In a tribute to Dr. Barrett-Connor in Diabetes Care in April, 2019, former trainee and now Professor at the University of Cambridge in the UK, Kay-Tee Khaw noted: “When asked what her motto or philosophy of life was in an interview for her local newspaper, La Jolla Light, Elizabeth Barrett-Connor’s response was that she did not have any one particular philosophy so much as an attitude: ‘My defining principle is that I am a pathological optimist.’  Boundlessly curious, fearless, challenging, inspiring, and great fun to be with are some of the words her colleagues and mentees might use to describe her.”

In addition to her unbelievable contributions to the scientific literature and as a mentor to countless trainees and faculty, Elizabeth was a close friend to many of us in the Forum, who always enjoyed meeting with her at numerous conferences.  She especially appreciated the contributions of good food, wine, and vibrant conversation on such occasions.

Among the number of comments received from Forum members were the following: “Dr. Barrett-Connor enjoyed critical debate, not only of scientific topics but also of politics and cultural issues.  At a European conference, Elizabeth was one of the outstanding speakers with a talk on nutritional experiences in the US.  When a female colleague from Finland was so moved by a certain theme and started crying Elizabeth commented very politely ‘I don`t like weeping women.’  Elizabeth was a strong woman with a lot of empathy and a lot of humour.  She has truly been a wonderful and worldwide ambassador for public health and humanity.”

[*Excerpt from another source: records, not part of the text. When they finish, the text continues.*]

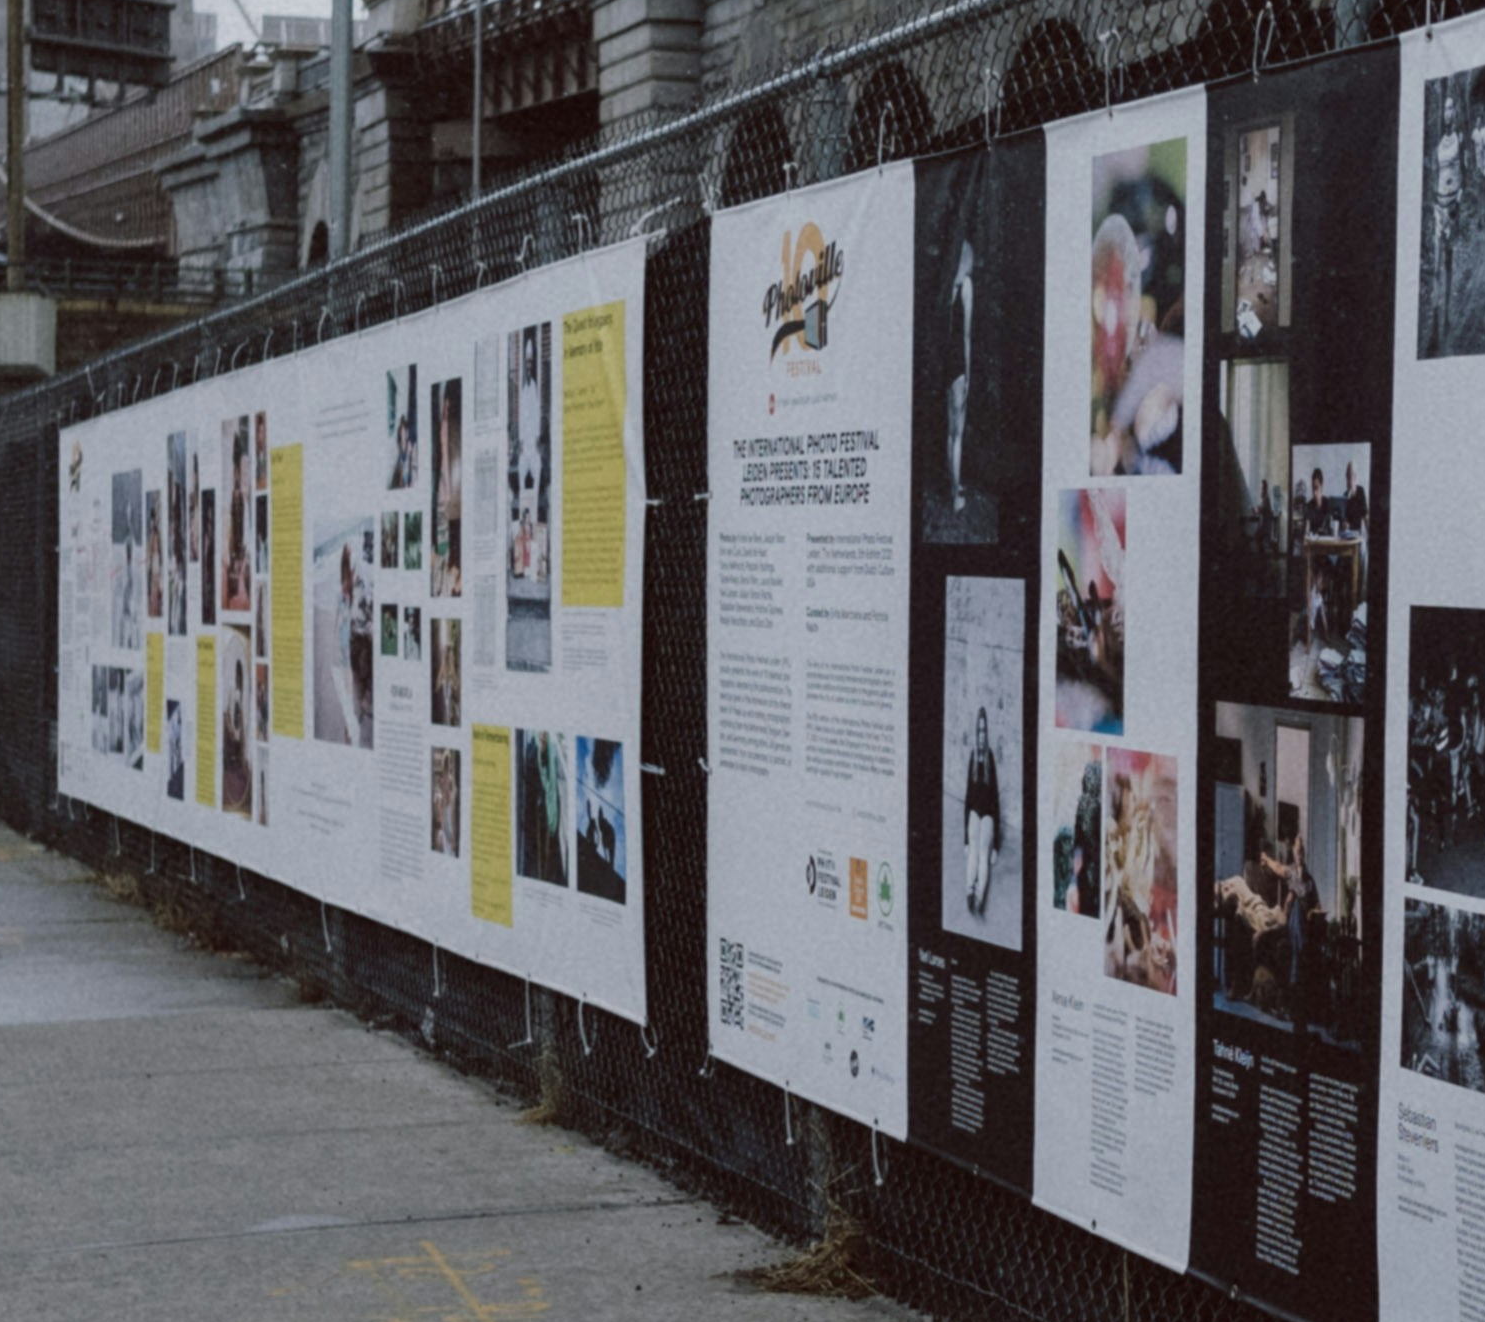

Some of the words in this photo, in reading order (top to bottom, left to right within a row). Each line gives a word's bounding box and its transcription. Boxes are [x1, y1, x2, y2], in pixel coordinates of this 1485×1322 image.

[763, 241, 844, 329] Photoville
[734, 439, 746, 458] THE
[748, 435, 805, 457] INTERNATIONAL
[807, 433, 837, 454] PHOTO
[840, 430, 880, 452] FESTIVAL
[824, 457, 867, 479] TALENTED
[740, 486, 805, 506] PHOTOGRAPHERS
[807, 485, 833, 505] FROM
[835, 483, 870, 504] EUROPE

Stated another member: “Elizabeth argued against some of the best, was a clear, linear thinker, and never wavered in self-confidence.  She strongly believed in the scientific method, as stated by Popper: ‘The only reason to have a hypothesis is to try to disprove it.  If you couldn’t disprove it, you might be right—not guaranteed to be right, but you might be right.’  It teaches us about humility in science; something we need more of.”